Dissimilatory Sulfite Reductase (dSiR) is the main redox enzyme system utilized in sulfur metabolism in both sulfur oxidizing and reducing prokaryotes. Anoxygenic phototrophic bacteria Allochromatium vinosum produces elemental sulfur during sulfur cycle which is ultimately oxidized sulfate by DSR operon. Allochromatium vinosum encodes dsrAB reverse dSiR that oxidizes thiosulfate or elemental sulfur. DsrAB is a α2β2 hetero-tetrameric complex. In our present study, we first reported the three dimensional structure of DsrAB protein complex from Allochromatium vinosum and we also predicted the protein-protein interactions between DsrA and DsrB proteins.

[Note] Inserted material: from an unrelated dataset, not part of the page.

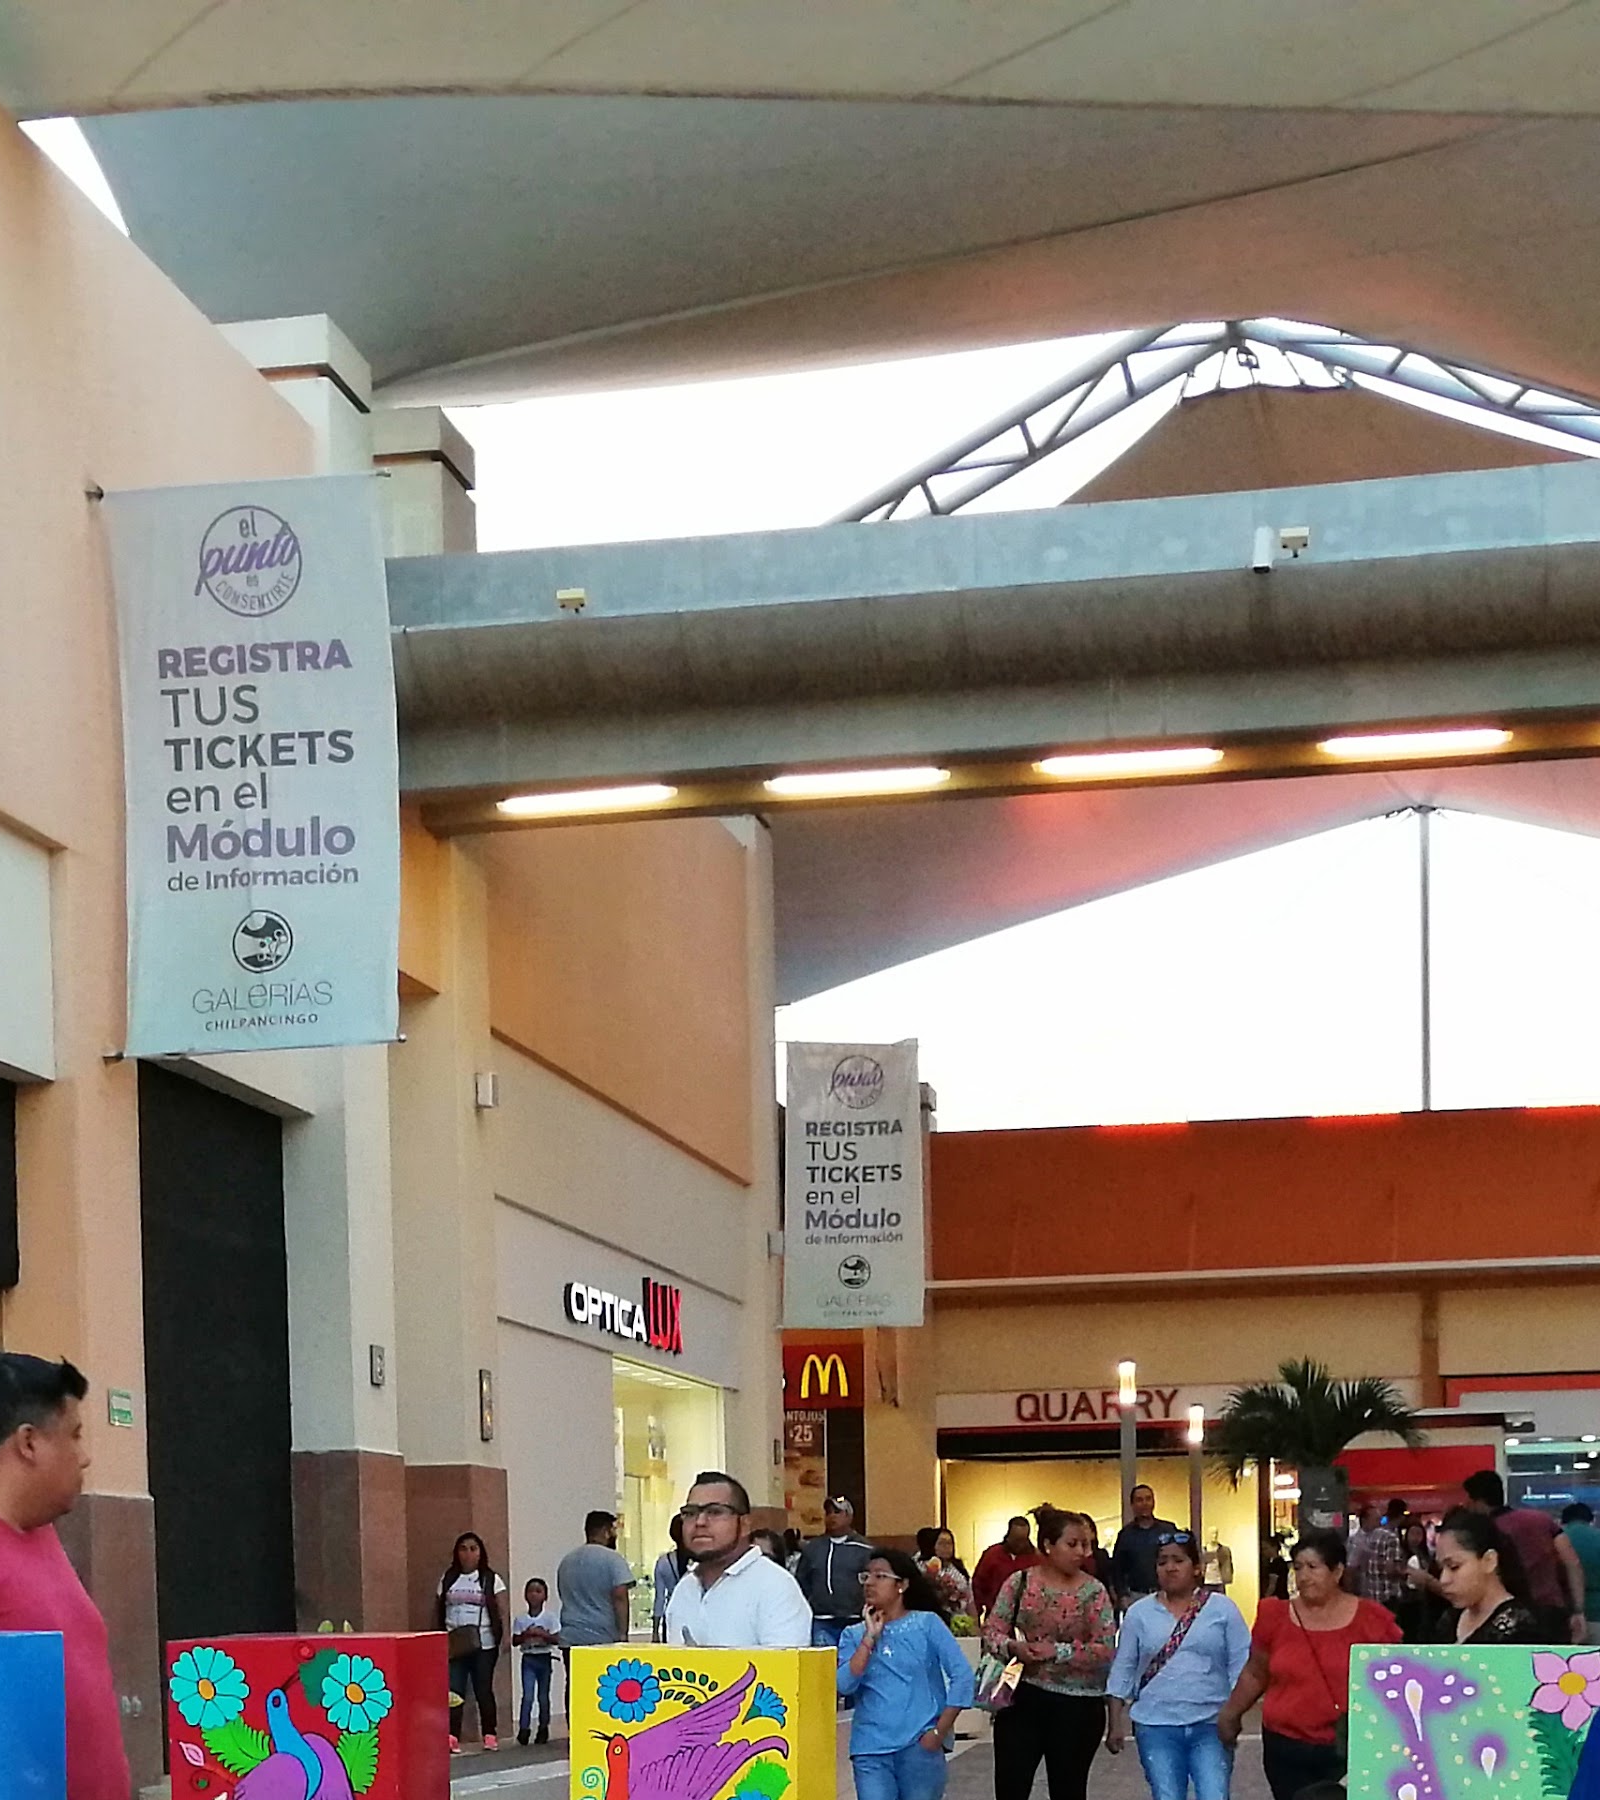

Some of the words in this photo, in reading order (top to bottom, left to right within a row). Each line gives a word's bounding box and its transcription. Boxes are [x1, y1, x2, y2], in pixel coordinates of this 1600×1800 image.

DsrAB is a major redox enzyme complex required in both sulfur oxidation and reduction processes so this structure function relationship investigation will help in researches to predict the biochemical mechanism of sulfur-oxidation. The importance of the study lies in the fact that sulfur metabolism pathways are used in waste remediation and bio-hydrogen production. This is the most important aspect of our analysis.